> _Task description_
Transcribe exactly, leaving out pictures, the lines from the one that holds "Some of the words" through the end of the data below, including both end lines and no others.

(Stored data)

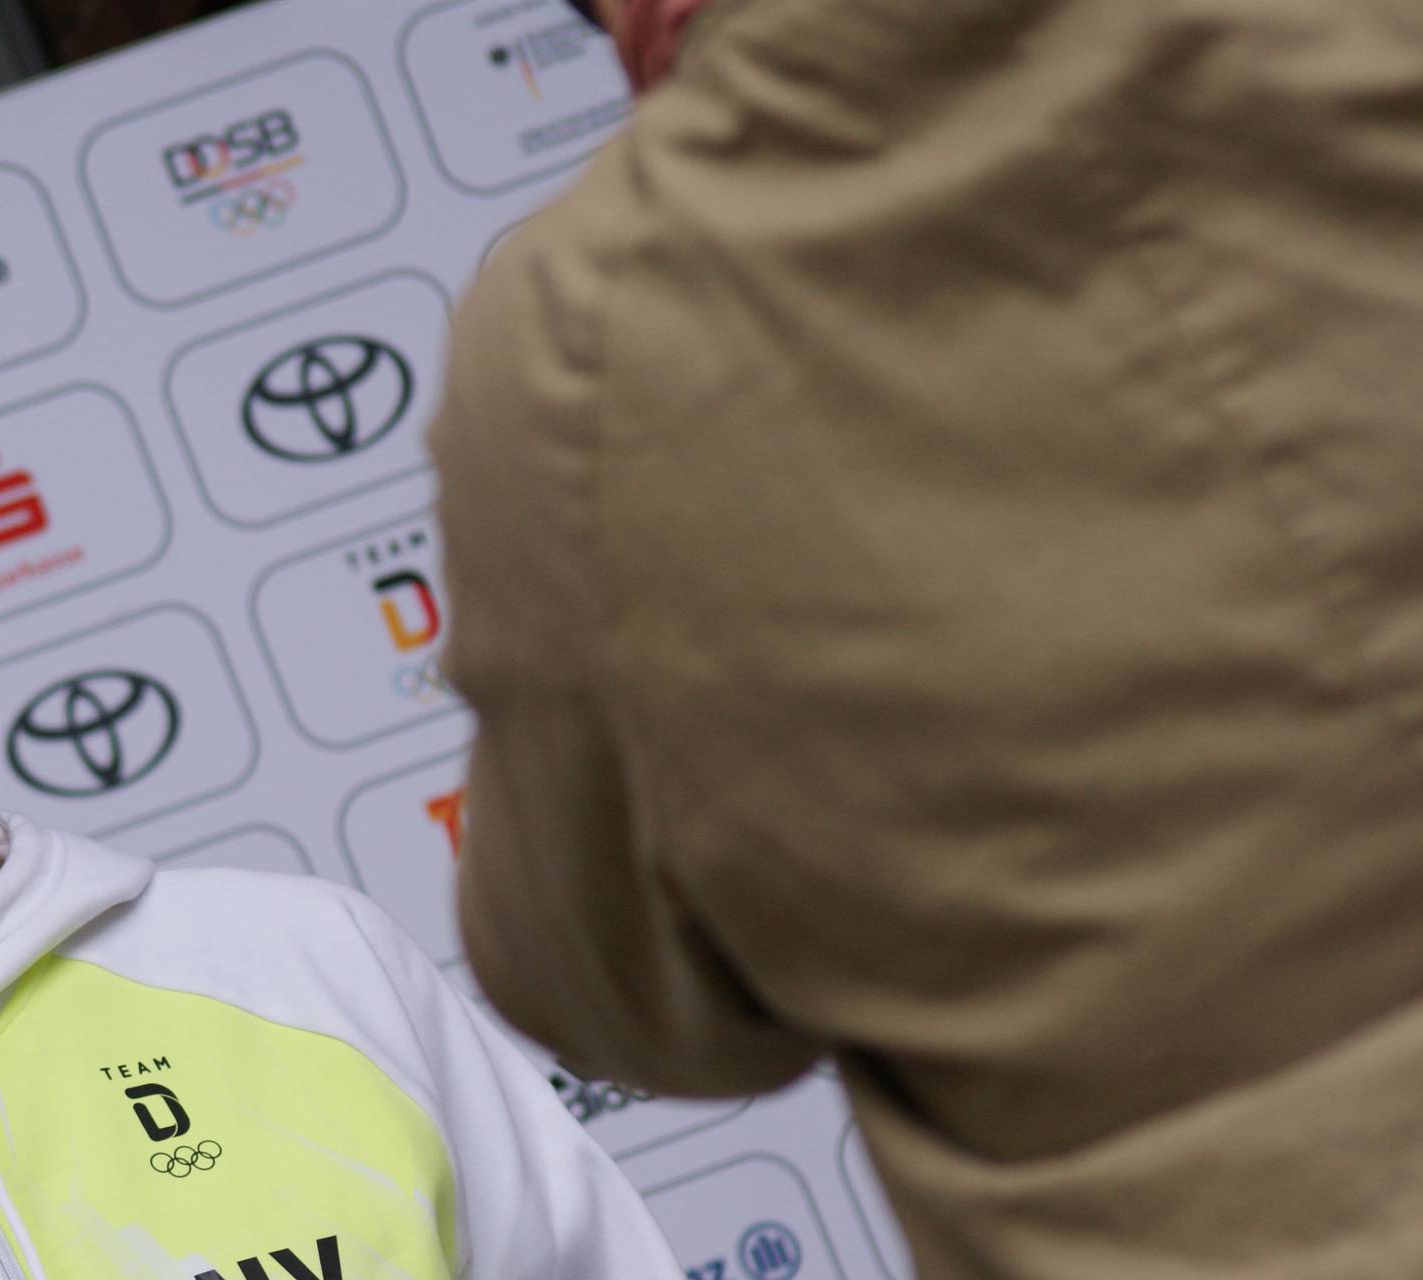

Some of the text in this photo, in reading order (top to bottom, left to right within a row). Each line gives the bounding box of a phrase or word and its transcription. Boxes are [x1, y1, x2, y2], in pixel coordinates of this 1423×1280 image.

[161, 109, 299, 189] DOSB
[346, 530, 427, 570] TEAM
[99, 1056, 172, 1081] TEAM
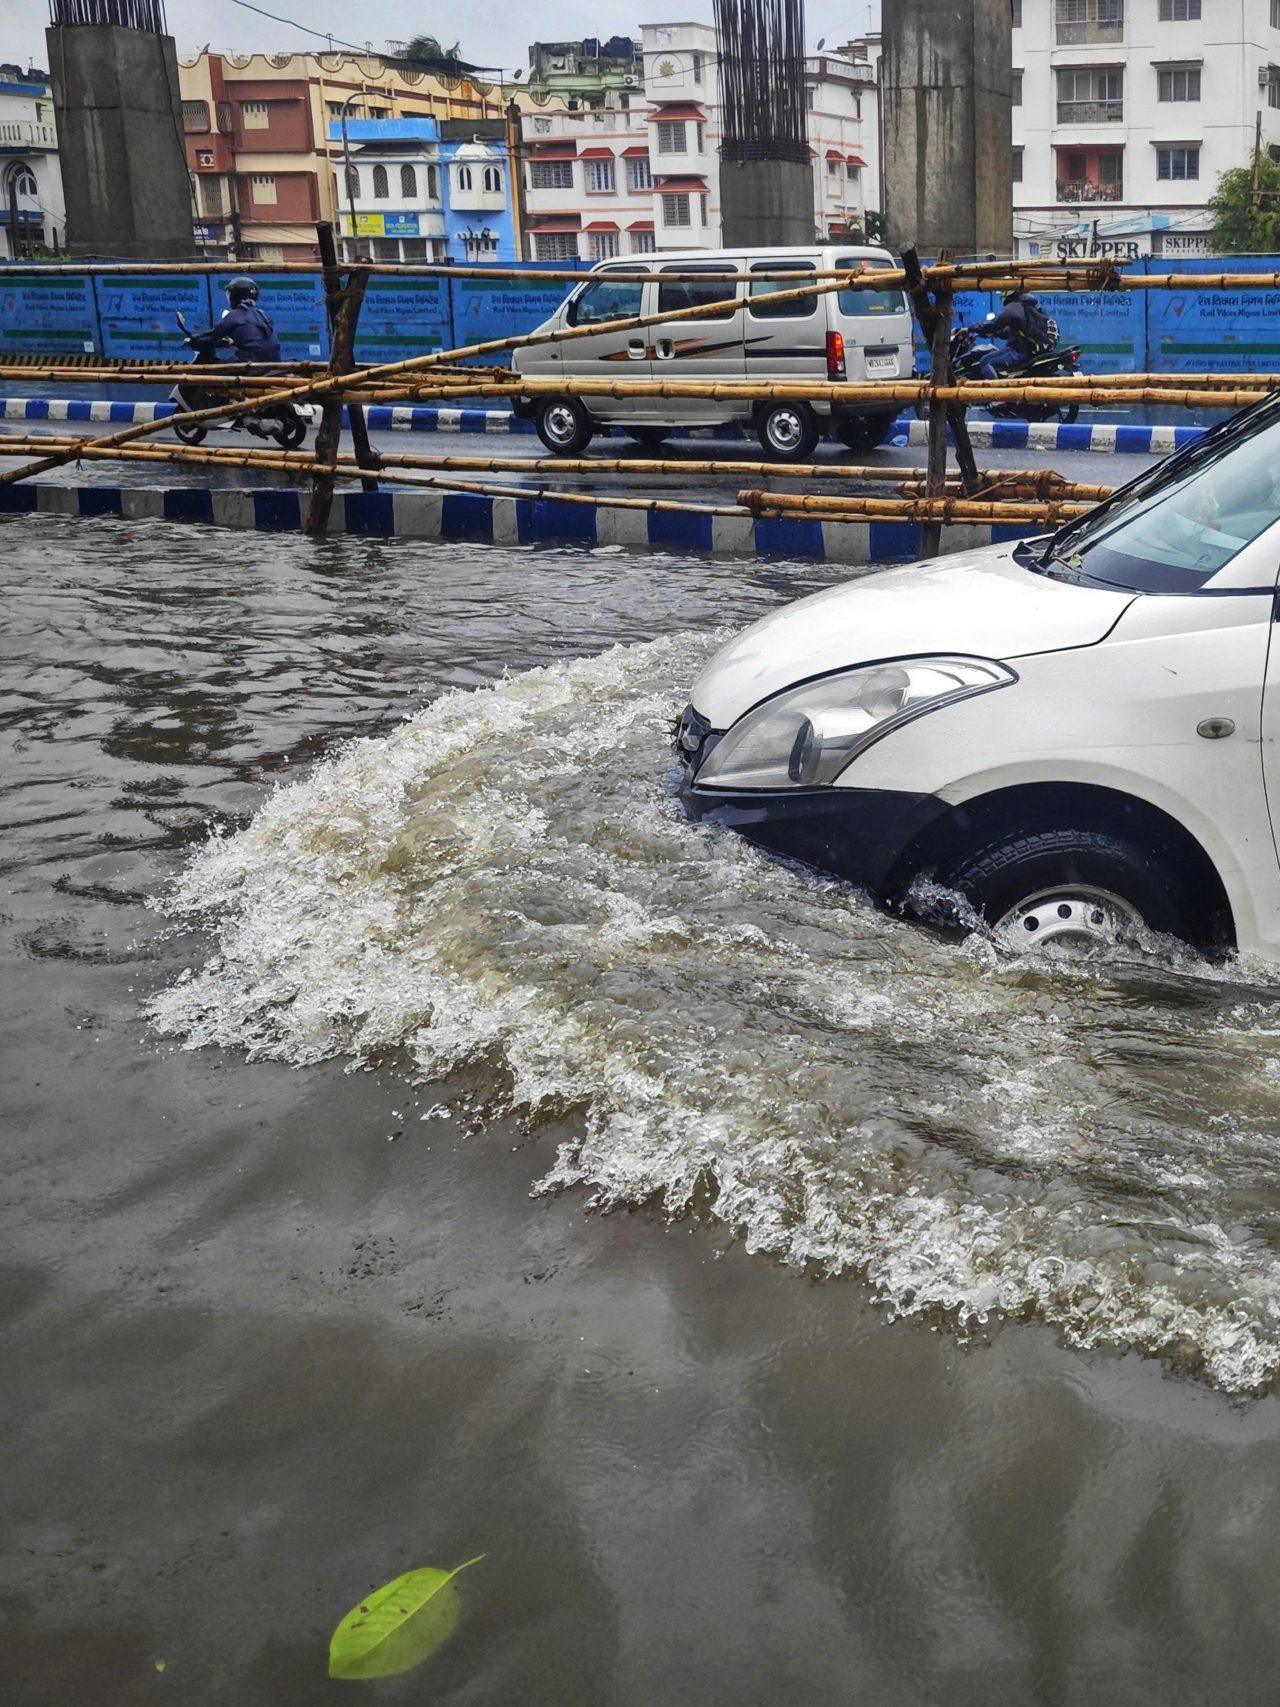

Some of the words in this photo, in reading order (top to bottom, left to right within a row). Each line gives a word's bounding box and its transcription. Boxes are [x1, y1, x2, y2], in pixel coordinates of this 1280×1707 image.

[1057, 242, 1140, 259] SKIPPER
[1200, 309, 1215, 317] Rail
[1216, 309, 1237, 317] Vikas
[1237, 309, 1261, 319] Nigam
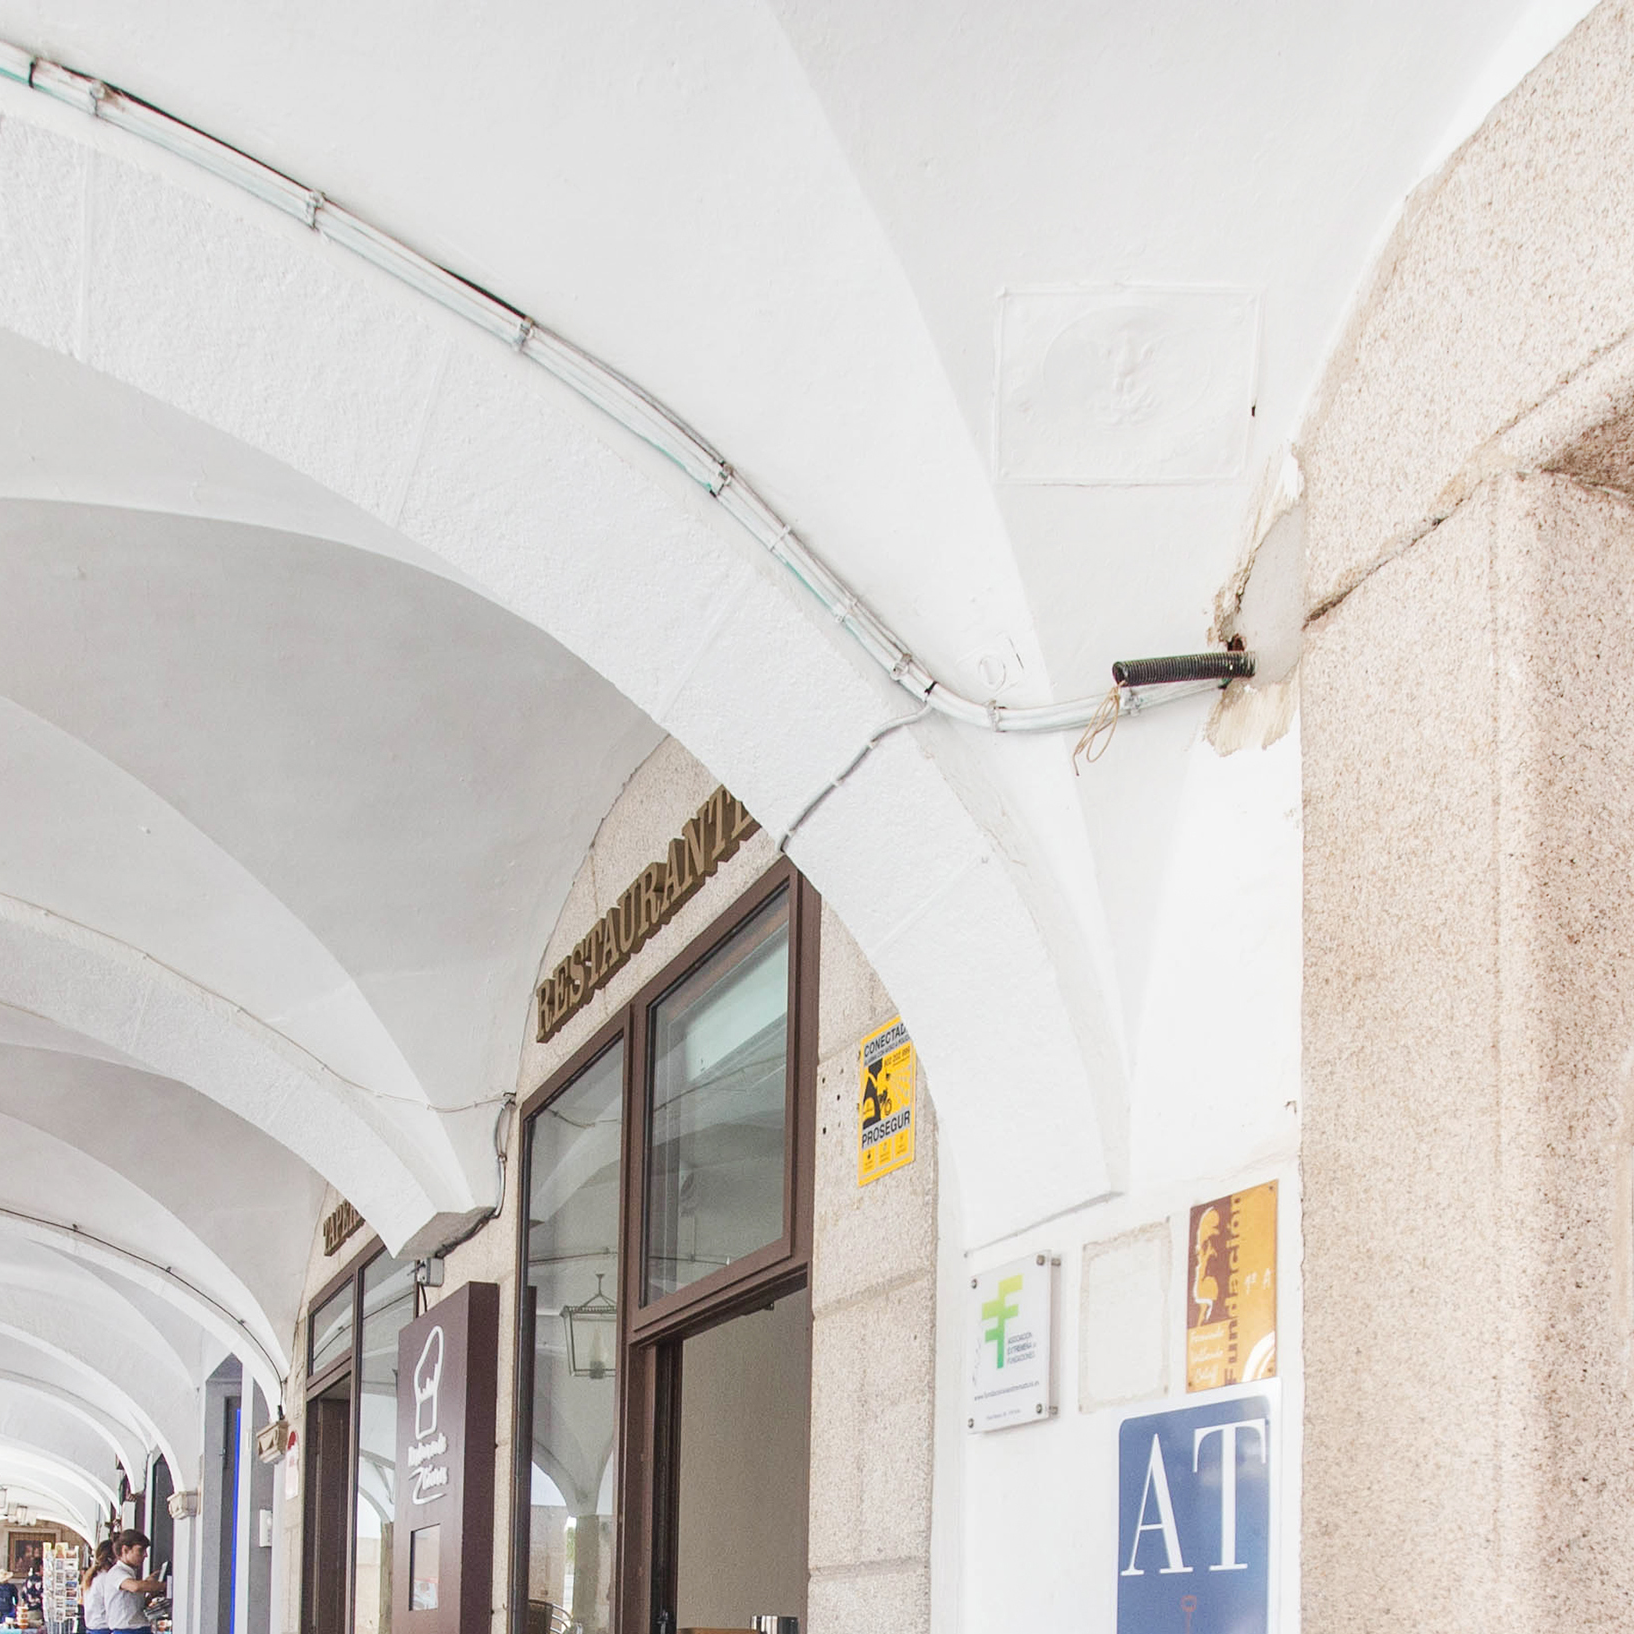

> _Output_
Some of the words in this photo, in reading order (top to bottom, left to right within a row). Each line gives a word's bounding box and its transcription. Boxes are [x1, y1, x2, y2], in pixel coordinates of this 1280×1707 image.

[1057, 242, 1140, 259] SKIPPER
[1200, 309, 1215, 317] Rail
[1216, 309, 1237, 317] Vikas
[1237, 309, 1261, 319] Nigam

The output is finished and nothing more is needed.